The expected £2m in social investment provided by Big Society Capital and Bridges Ventures will be used as non-recourse loans to the voluntary adoption charities. This will be repaid from payments by the local authority in four instalments – at registration, at placement, after one year, and after two years.
If the placement fails before the next instalment is due, no further repayments will be made.
Investors will receive a 4 per cent per annum return, with the potential for greater returns if the adoption placements are successful. The social impac bond is for a ten-year period.
A spokesman said the social impact bond has been designed to pay a commercial return in order to make the break from the narrow social investment markets into the normal investment market.

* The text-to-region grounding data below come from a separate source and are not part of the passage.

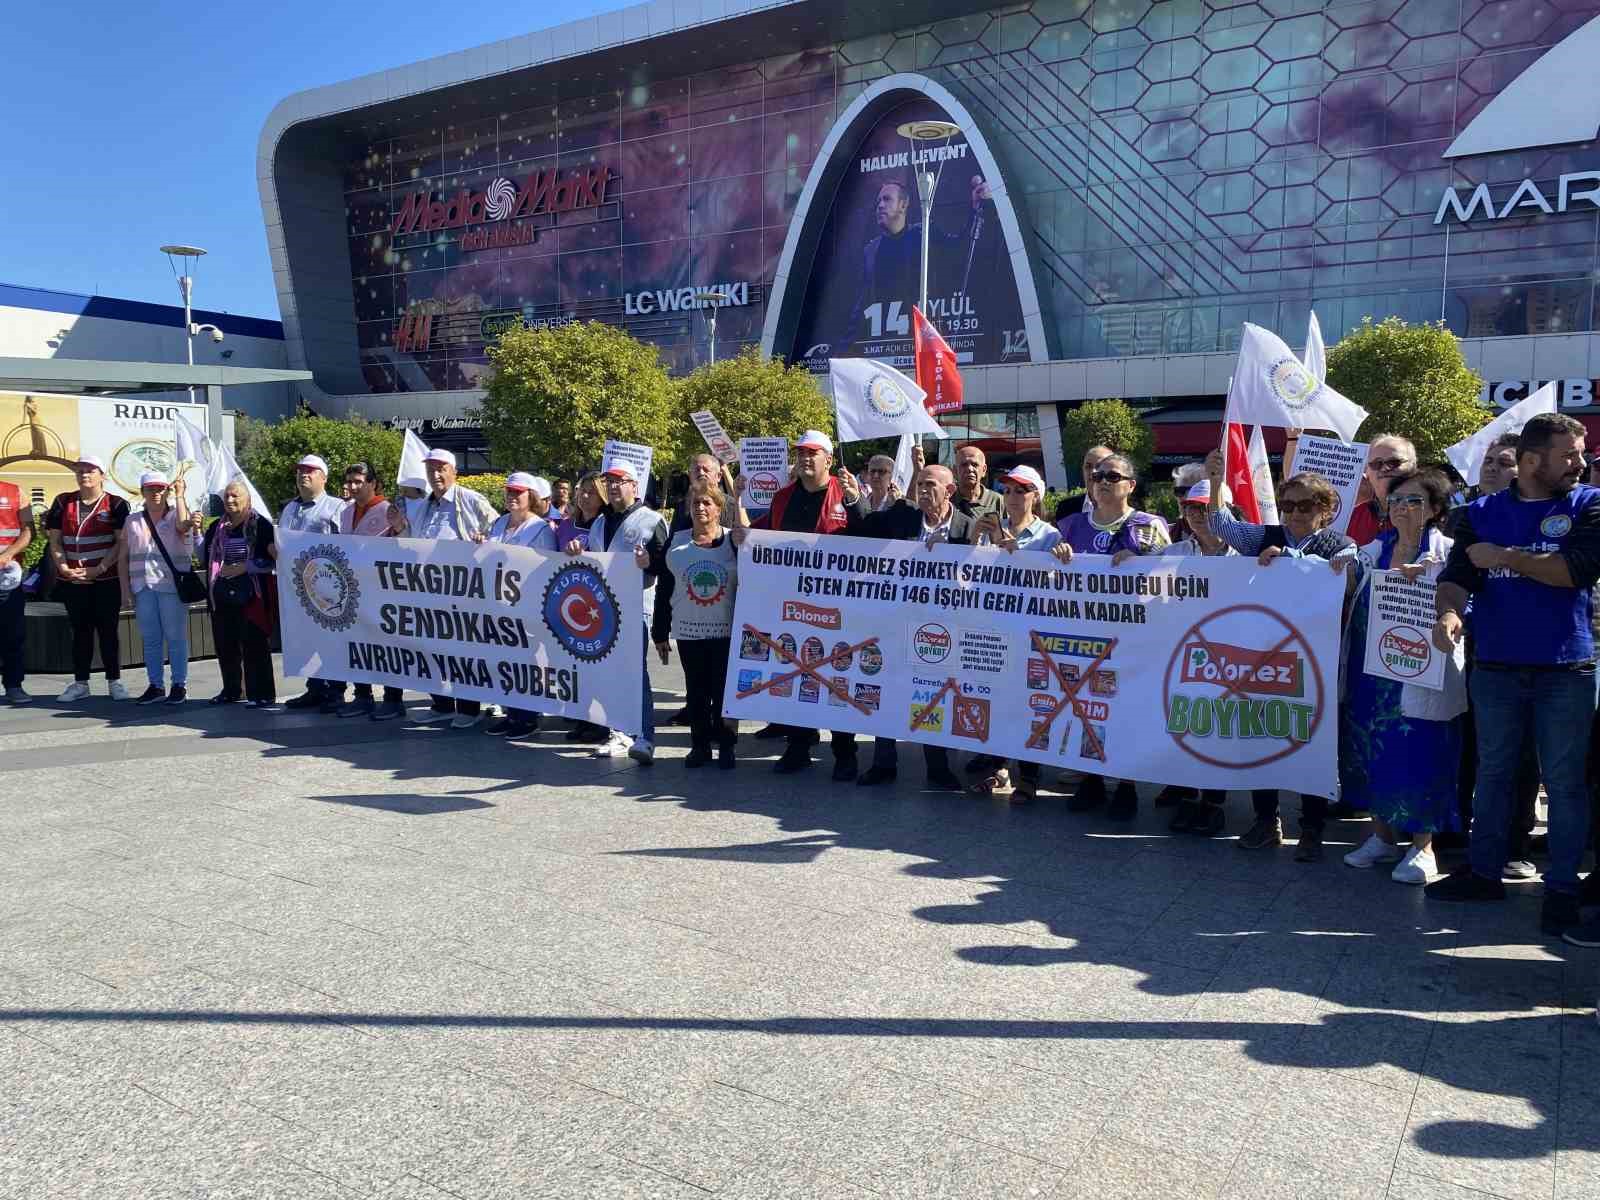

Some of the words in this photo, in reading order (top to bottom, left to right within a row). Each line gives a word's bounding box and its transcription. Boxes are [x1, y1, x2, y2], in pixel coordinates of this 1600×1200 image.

[861, 152, 908, 172] HALUK
[911, 143, 968, 165] LEVENT
[1432, 170, 1600, 225] MAR
[625, 291, 654, 315] LC
[863, 300, 910, 337] 14
[918, 291, 976, 318] YLÜL
[947, 317, 979, 331] 19.30
[114, 403, 179, 421] RADO
[374, 560, 485, 600] TEKGIDA
[495, 561, 521, 607] İŞ
[752, 544, 823, 570] ÜRDÜNLÜ
[826, 553, 895, 577] POLONEZ
[899, 558, 958, 581] ŞİRKETİ
[961, 563, 1050, 591] SENDİKAYA
[1053, 570, 1083, 594] ÜYE
[1087, 572, 1161, 599] OLDUĞU
[1167, 573, 1210, 601] İÇİN
[785, 603, 838, 625] Polonez
[797, 572, 843, 597] İŞTEN
[845, 578, 898, 602] ATTIĞI
[900, 584, 930, 605] 146
[934, 584, 980, 612] İŞÇİYİ
[983, 588, 1024, 614] GERİ
[1026, 597, 1081, 619] ALANA
[1083, 603, 1147, 625] KADAR
[379, 603, 530, 649] SENDİKASI
[567, 636, 602, 652] 1952
[1041, 636, 1108, 657] METRO
[348, 641, 433, 680] AVRUPA
[432, 652, 495, 689] YAKA
[498, 660, 580, 704] ŞUBESİ
[1187, 647, 1294, 685] Polonez
[1166, 694, 1315, 744] BOYKOT

The scheme will support 100 children a year, but it is expected to be reopened early next year to a wider group of investors in order to raise an additional £3.5m, assuming the market expands.
The scheme has also benefited from a £1m grant from the Cabinet Office's Social Outcomes Fund.
Jim Clifford, head of not-for-profit advisory at Baker Tilly, and chair designate and architect of the It’s All About Me Scheme, said: “There are far too many children on the National Adoption Register who are never placed with adoptive parents. There are many complex reasons fro this, but through this scheme, we can encourage, equip and support more families to adopt these children.”
Clifford is himself a father to nine adopted children.
The consortium of 18 voluntary adoption agencies, includes the charities After Adoption, Action for Children and PACT.